> [DIRECTIONS]
Transcribe the entries exactly; images are not part of the copy.

> [RECORDS]
* * * * *

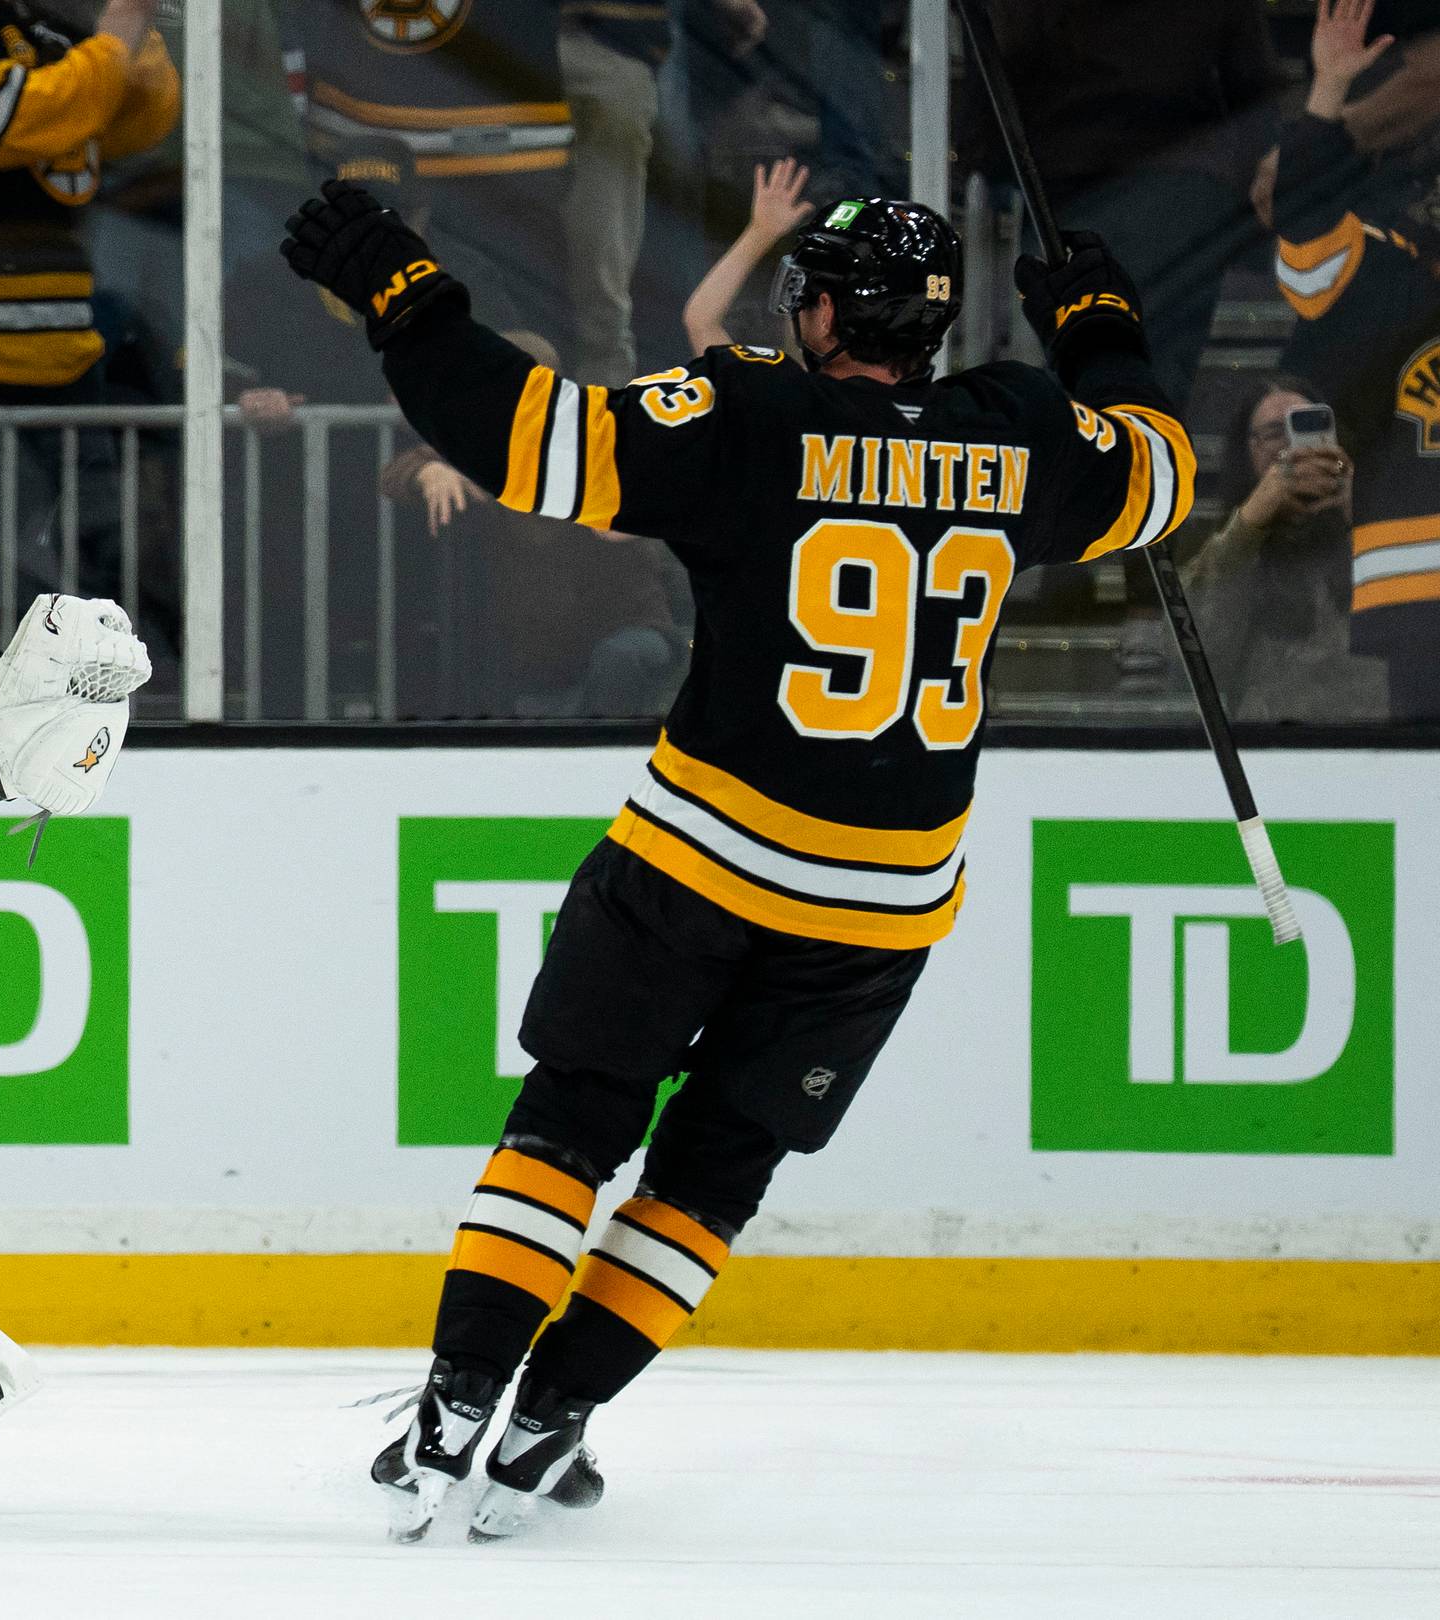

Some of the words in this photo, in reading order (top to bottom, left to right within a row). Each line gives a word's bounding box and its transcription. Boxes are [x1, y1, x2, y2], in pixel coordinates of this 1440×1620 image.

[926, 274, 951, 301] 93
[797, 434, 1030, 515] MINTEN
[777, 518, 1016, 751] 93
[433, 880, 570, 1077] T
[1067, 884, 1357, 1085] TD
[450, 1400, 483, 1419] CCM

* * * * *

> [PROBLEM SOLUTION]
Some of the words in this photo, in reading order (top to bottom, left to right within a row). Each line gives a word's bounding box and its transcription. Boxes are [x1, y1, x2, y2], in pixel coordinates of this 1440×1620 image.

[926, 274, 951, 301] 93
[797, 434, 1030, 515] MINTEN
[777, 518, 1016, 751] 93
[433, 880, 570, 1077] T
[1067, 884, 1357, 1085] TD
[450, 1400, 483, 1419] CCM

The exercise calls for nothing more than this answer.